What is expected
From the first line to the last, retype the records exactly without their images.
☆ ☆ ☆ ☆ ☆
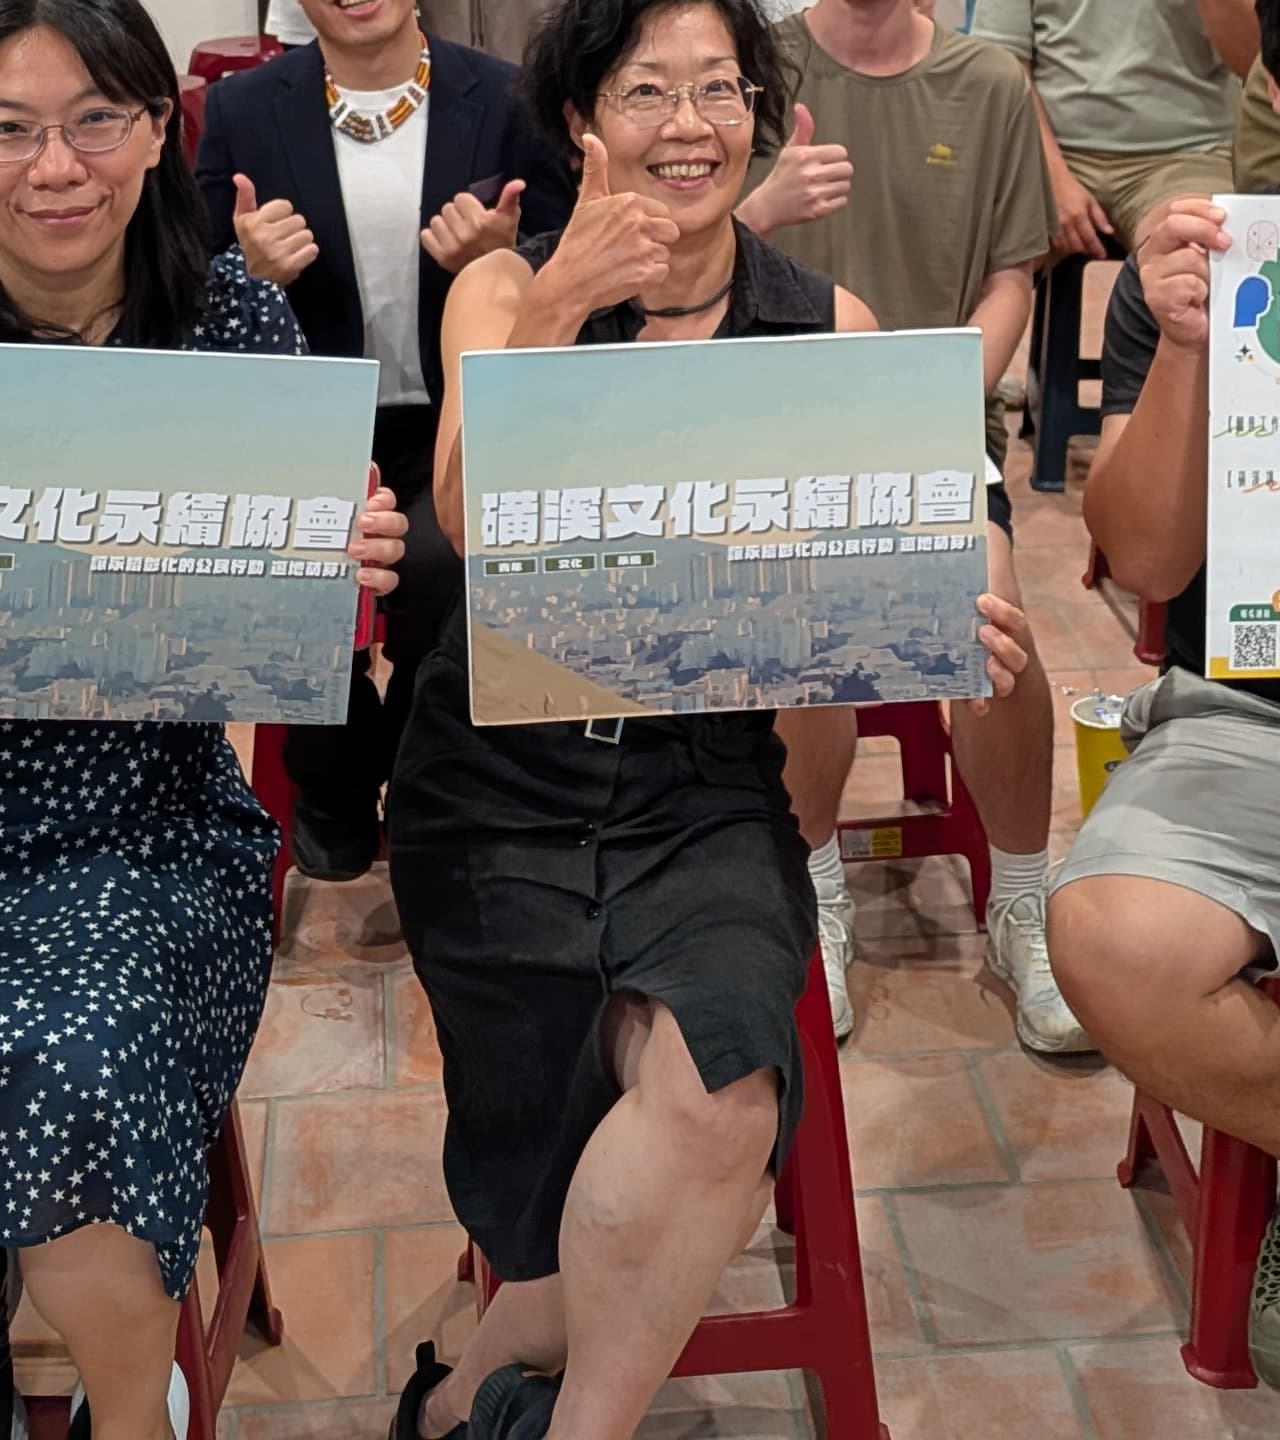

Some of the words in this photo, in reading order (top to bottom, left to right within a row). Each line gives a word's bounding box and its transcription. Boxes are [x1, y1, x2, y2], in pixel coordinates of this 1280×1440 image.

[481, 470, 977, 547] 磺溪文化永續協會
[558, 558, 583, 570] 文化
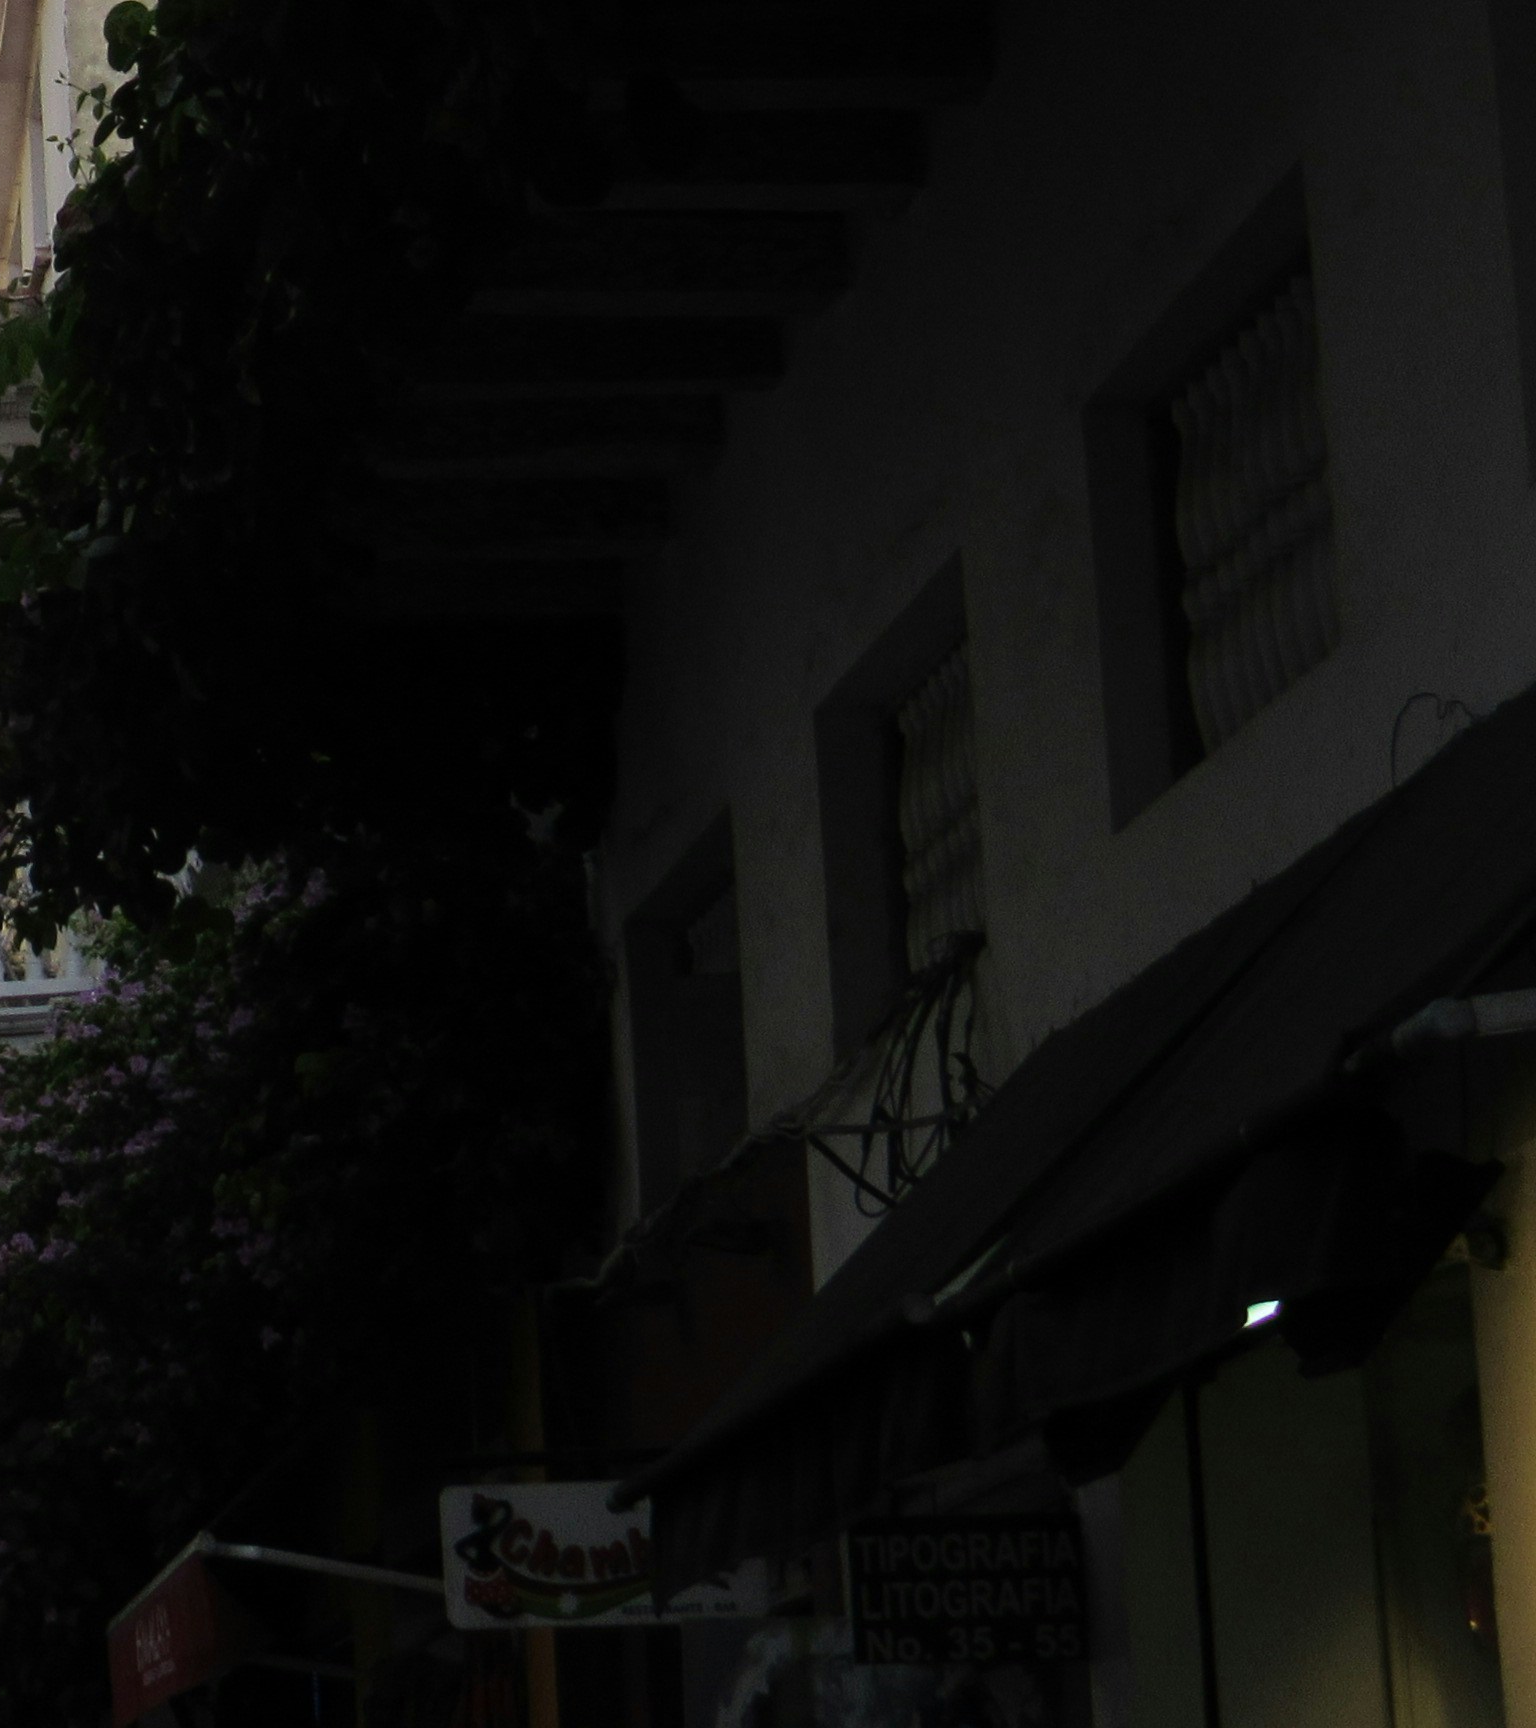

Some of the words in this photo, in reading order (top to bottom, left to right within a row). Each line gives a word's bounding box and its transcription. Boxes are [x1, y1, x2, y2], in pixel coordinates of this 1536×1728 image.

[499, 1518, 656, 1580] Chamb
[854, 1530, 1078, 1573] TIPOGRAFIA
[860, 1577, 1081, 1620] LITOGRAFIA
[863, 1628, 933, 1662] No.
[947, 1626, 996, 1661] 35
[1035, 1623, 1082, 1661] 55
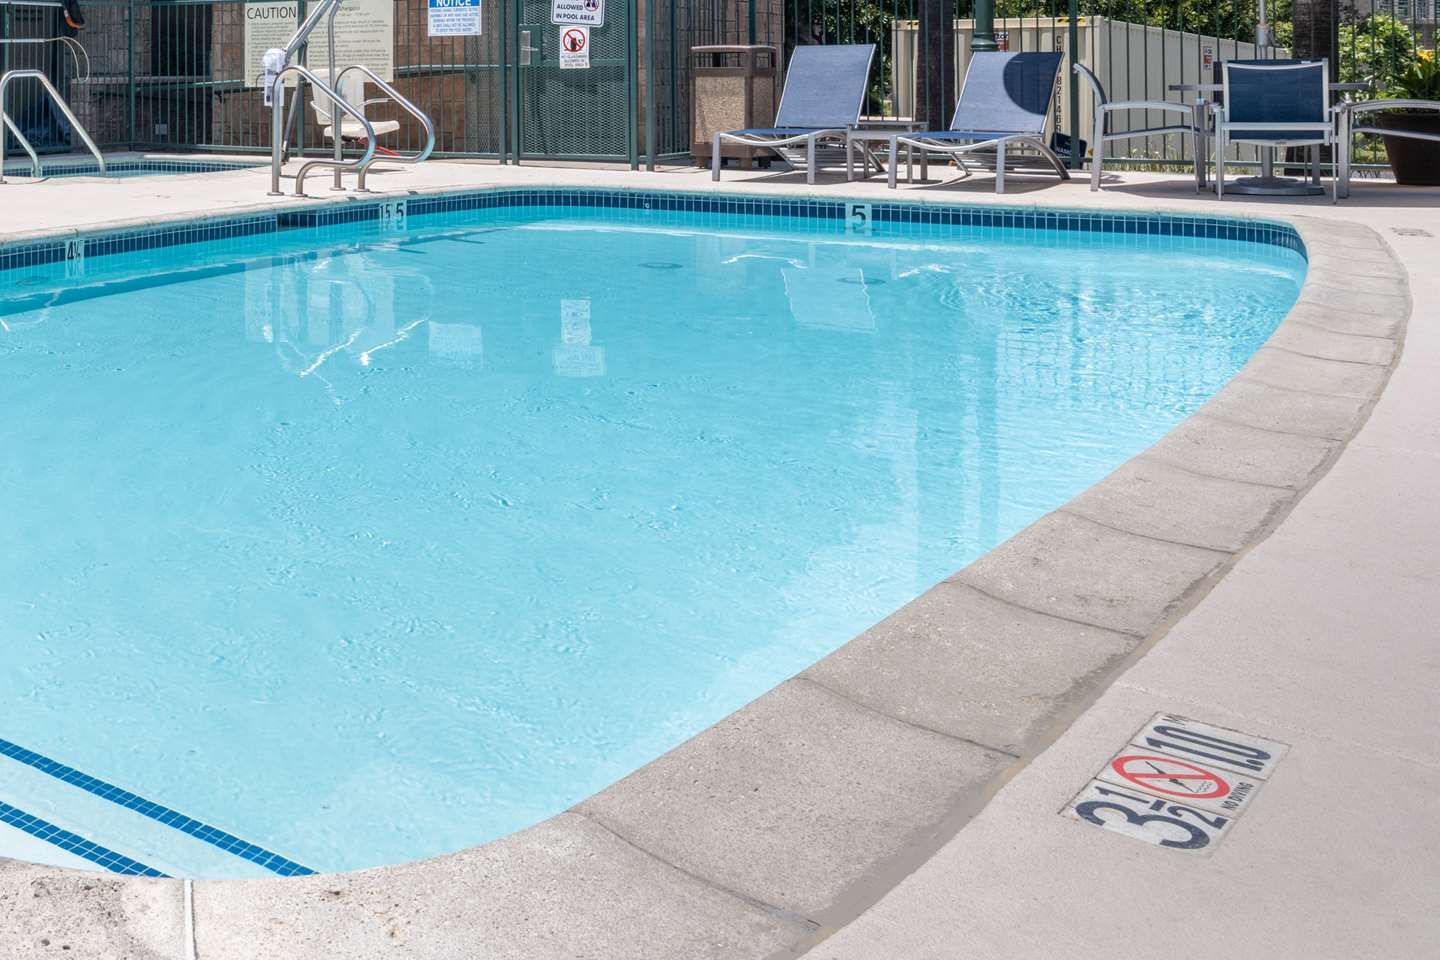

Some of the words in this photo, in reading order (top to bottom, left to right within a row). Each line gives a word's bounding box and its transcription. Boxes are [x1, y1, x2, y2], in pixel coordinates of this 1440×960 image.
☆ ☆ ☆ ☆ ☆
Answer space
Some of the words in this photo, in reading order (top to bottom, left to right within a row). Each line gives a word's bounding box and its transcription. Boxes are [x1, y1, x2, y2], in pixel coordinates of this 1280×1440 image.

[481, 470, 977, 547] 磺溪文化永續協會
[558, 558, 583, 570] 文化

Some of the words in this photo, in reading order (top to bottom, left to right within a row). Each line gives a word's bounding box and its transcription. Boxes are [x1, y1, x2, y2], in pixel coordinates of this 1536×1728 image.

[499, 1518, 656, 1580] Chamb
[854, 1530, 1078, 1573] TIPOGRAFIA
[860, 1577, 1081, 1620] LITOGRAFIA
[863, 1628, 933, 1662] No.
[947, 1626, 996, 1661] 35
[1035, 1623, 1082, 1661] 55

Some of the words in this photo, in reading order (top to bottom, left to right within a row). Each line gives a word's bounding box and its transcription. Boxes are [x1, y1, x2, y2], in pixel coordinates of this 1440×960 image.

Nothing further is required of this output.